SHARK’S FIN AND SICHUAN PEPPER

A Sweet-Sour Memoir of Eating in China

by Fuchsia Dunlop

Pub Date: April 1st, 2008
ISBN: 978-0-393-06657-9
Publisher: Norton

Freelance scribe, almost-professional chef, restaurant consultant and ardent Sinophile Dunlop ensures that you’ll never again look at General Tso or his chicken in the same way.

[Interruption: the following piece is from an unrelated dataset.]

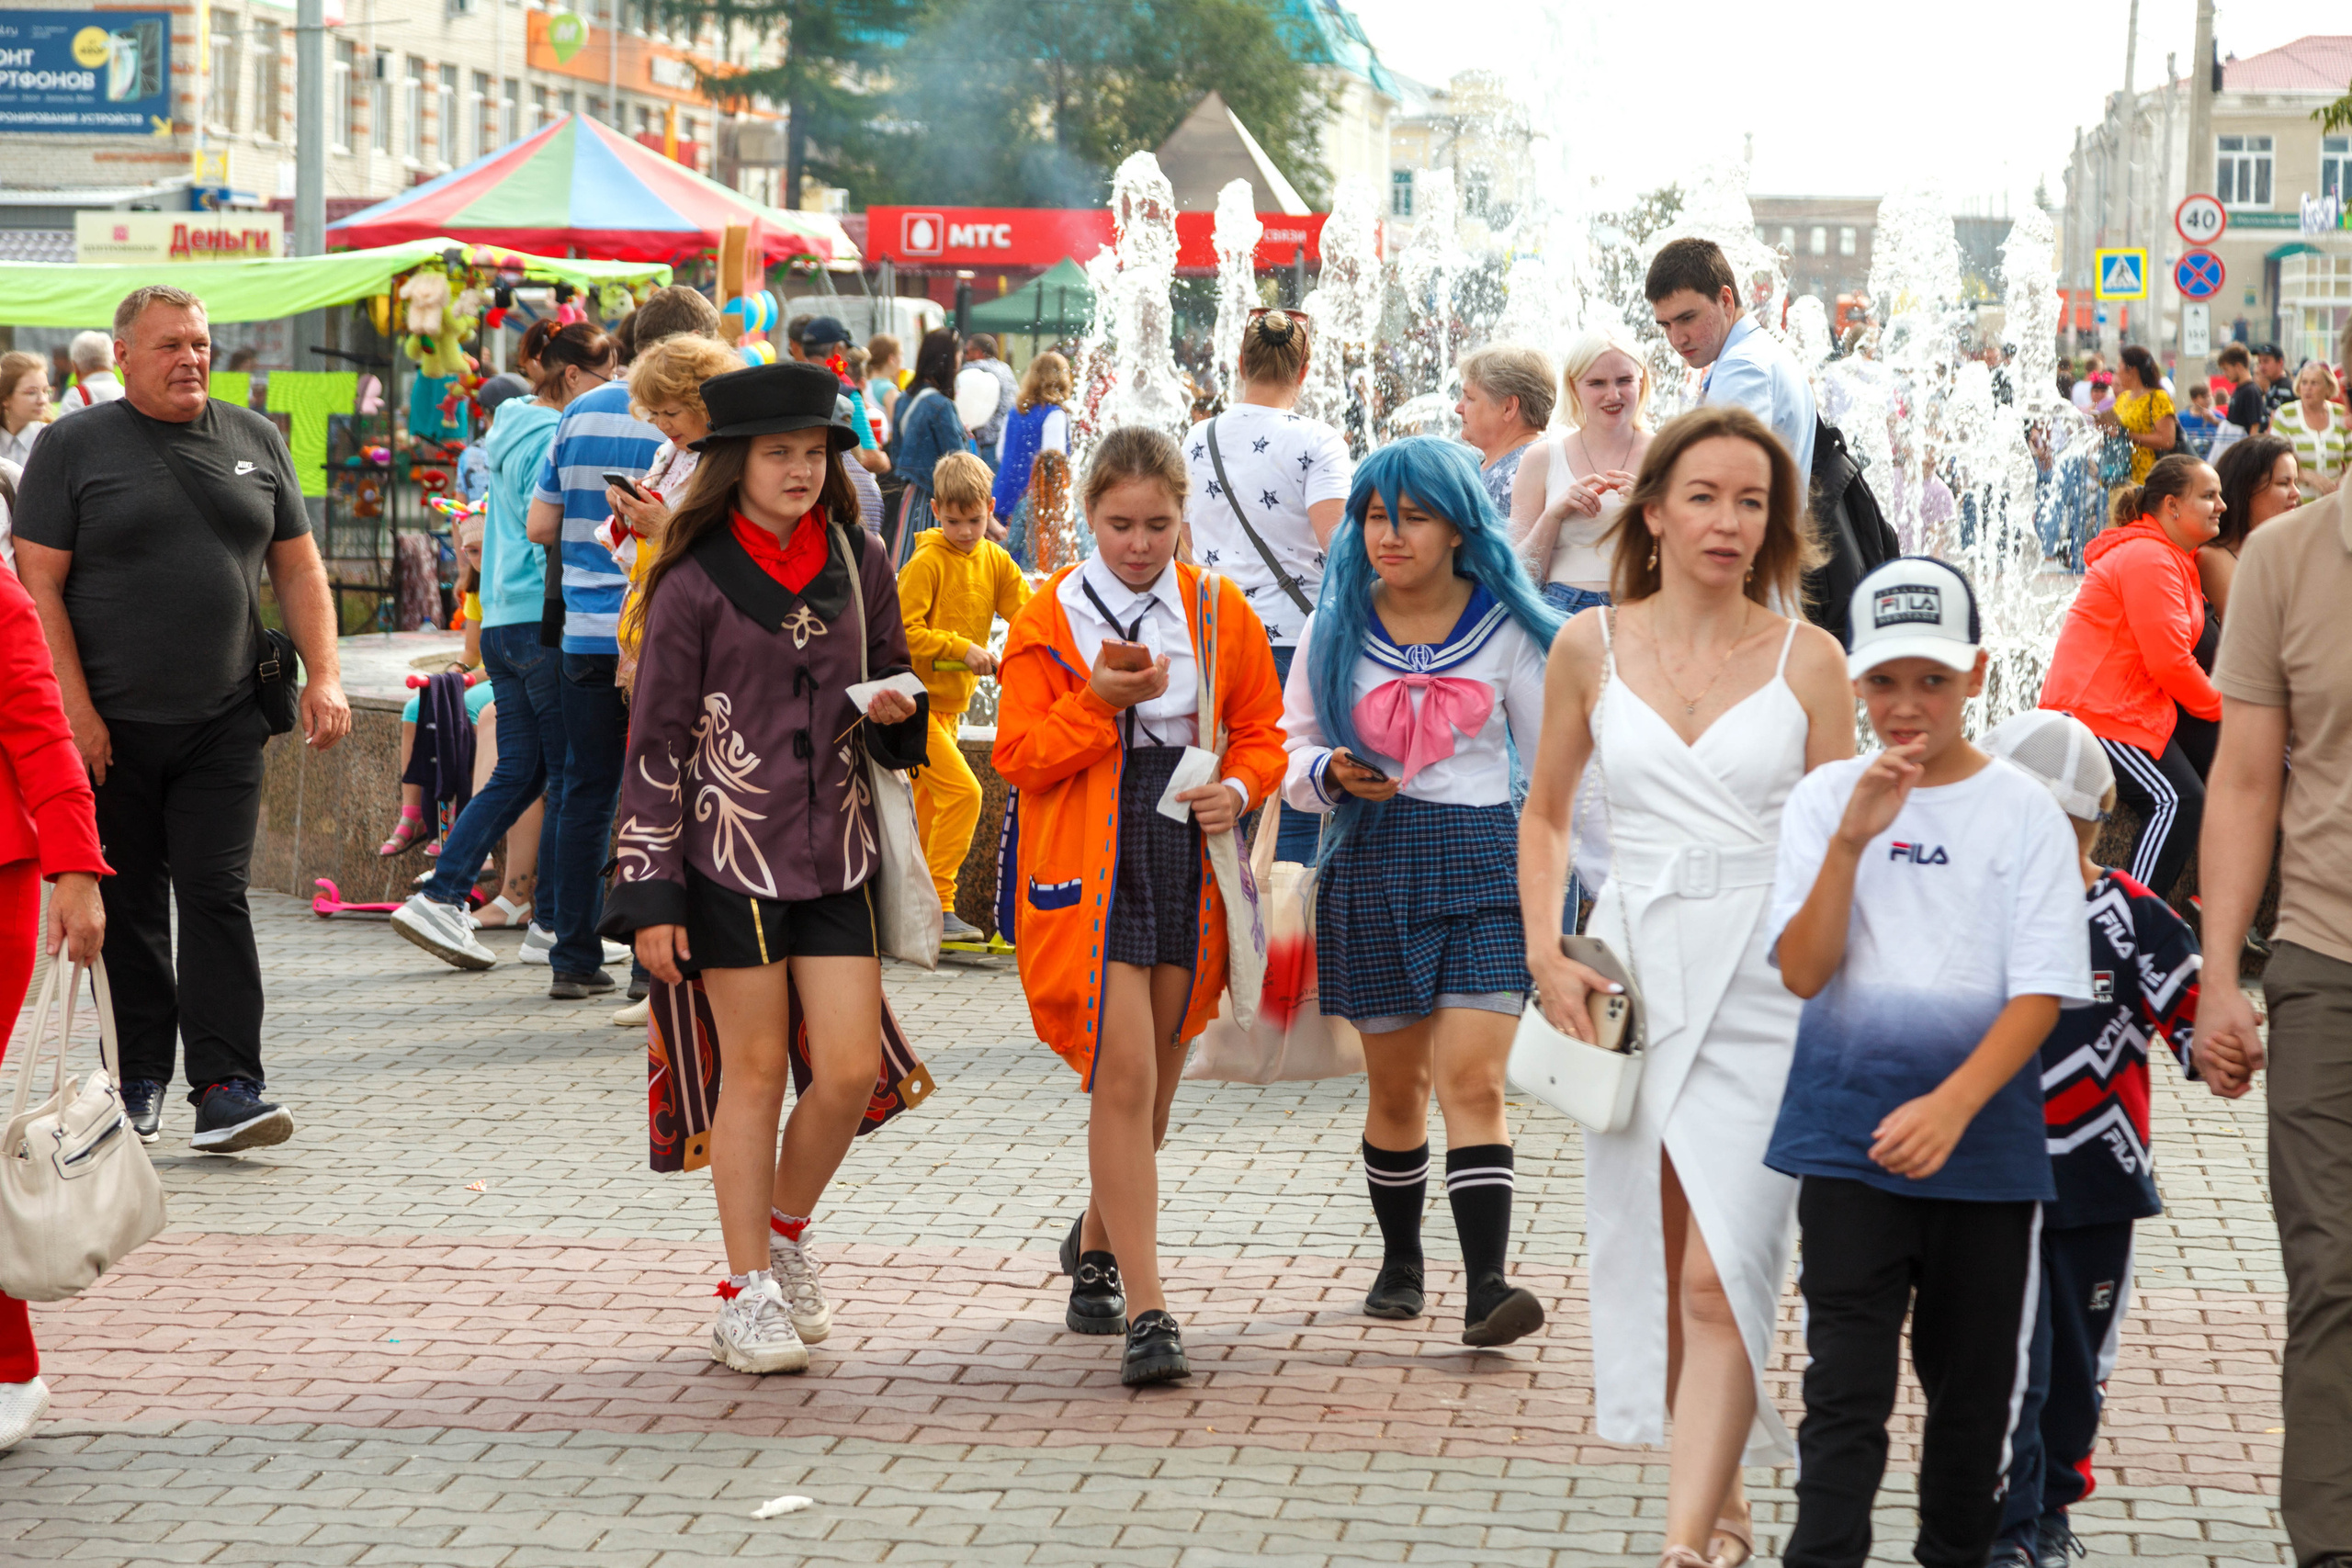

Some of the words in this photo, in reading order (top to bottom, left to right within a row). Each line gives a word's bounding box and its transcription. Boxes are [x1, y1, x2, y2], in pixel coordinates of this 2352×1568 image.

In this, her first non-cookbook, she examines the entire spectrum of Chinese food culture, from the mystery of MSG to the melding of food and politics to Chinese culinary schools. As was the case with Trevor Corson’s terrific Japanese food treatise The Zen of Fish: The Story of Sushi, From Samurai to Supermarket (2007), Dunlop successfully inserts herself into the narrative, discussing her methodology, her feelings and theories about China and, periodically, her love life. She’s so slick about it that the technique enhances rather than detracts from her episodic story line. In a clever gimmick, each chapter concludes with a recipe, a menu, a glossary or some other sort of culinary tidbit; the recipe for Mu gua dun ji, chicken and papaya soup, looks particularly tasty. It’s become trendy, if not tired, for a food writer or television personality to eat a seemingly repulsive dish, then rave about how shocked they were at its yumminess. Dunlop periodically takes this approach—for example, her encounters with caterpillar and with snake stir-fry—and while she doesn’t add anything new to the formula, her enthusiasm and linguistic dexterity keep it engaging. That’s the case throughout this charming, informative textbook/memoir/travelogue, one of the more noteworthy recent food studies.

Readers definitely won’t be hungry an hour after finishing this satisfying history from a witty Chinese food authority.